Howe Comms 13-15 Detterman Ericsson Freeman

From: Dunn Christopher (cd295@psy.soton.ac.uk)
Date: Thu Mar 05 1998 - 13:54:32 GMT


Christopher Dunn: Detterman et al. Absurd environmentalism

Detterman claims that the authors of the target article ignore that
general I.Q is a strong factor in musical ability and that their
methodology is flawed. They criticise the authors for selecting
talented individuals to study, as they have pre selected their sample,
just as to select a basketball team to study height and baskets
scored. Basket ball players have already been pre-selected because
they are tall, thus all the musical subjects selected had good genes
and lots of practice.

> Retrospective accounts of musical talent. Much of the literature on
> musical accomplishment is retrospective as acknowledged by Howe,
> Davidson, and Sloboda. Groups of musically skilled subjects are
> identified and then studied. This approach is useless for identifying
> musical talent. The problem is that the groups are self-selected on the
> very variable of interest.. Suppose we correlate the height of National
> Basketball Association (NBA) players with the number of points they
> score. This correlation is close to zero. Should one conclude that
> height is unimportant in professional basketball? That would be
> foolish. But that is what Howe, Davidson, and Sloboda do.

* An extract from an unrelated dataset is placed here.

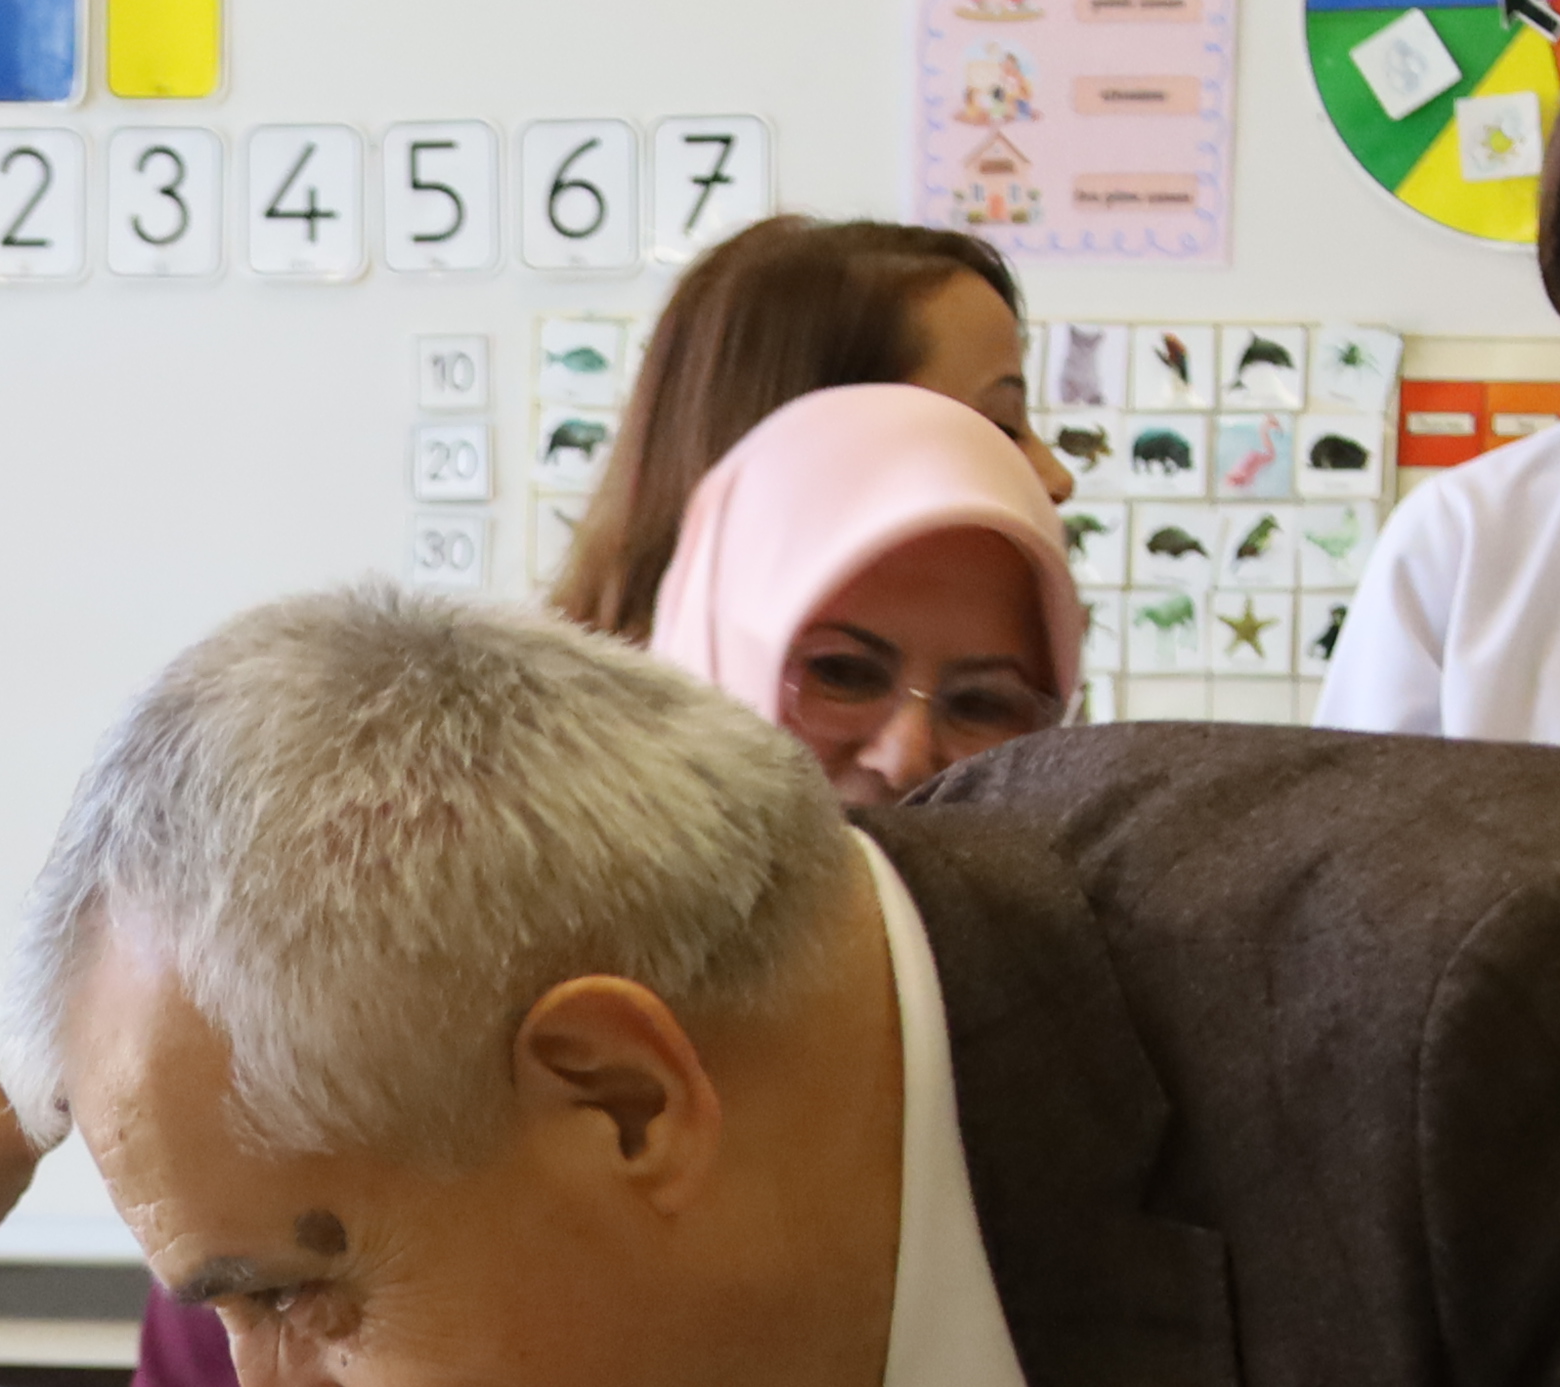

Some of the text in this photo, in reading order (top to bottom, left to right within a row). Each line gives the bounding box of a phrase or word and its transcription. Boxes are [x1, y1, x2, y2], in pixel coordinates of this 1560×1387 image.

They claim that individuals with low I.Q will never be good at music,
but what about autistic savants? Surely they have very low I.Q but a
talent for music. Also if talent is domain specific surely Some one can
have an exceptional talent in one area have a poor I.Q. This also
assumes I.Q tests are the valid, they are not without th r problems.
The fact that people do not get uniform musical training or have equal
interest in music means that genetic factors are camouflaged. Until
someone discovers the music talent gene some radically unethical
longitudinal experiment to settle it, the argument will just go on and
on without end. Although Detterman claims it could be settled a
hypothetical experiment such as

> If Howe, Sloboda, and Davidson still believe in absurd environmentalism
> they can easily convert us to their point of view. Simply randomly
> select 100 persons with mental retardation and 100 persons of high IQ
> and give them 10 years of deliberate practice. If , at the end of the
> 10 years, both groups are equally outstanding musicians, we will be
> instantly converted to their position. Further, they will have done an
> exceptional social service by supplying mentally retarded persons with
> a profession. Unfortunately, we know from existing literature it will
> become clear that they are wrong well before the 10 years are up.
> Deliberate practice, important though it is to exceptional
> accomplishment, will not equalise outcome despite the best of
> intentions.

They also claim there are societal reasons why the practice theory is
more acceptable, to our capitalist culture, if you work hard you will
do well if you don't you will fail, and its your own fault. However
supporting this line gets people to work hard but does not help us
solve the argument. Also if people started blaming the genes for
every screw up they made, it would make problems in society even more
complicated and difficult to solve.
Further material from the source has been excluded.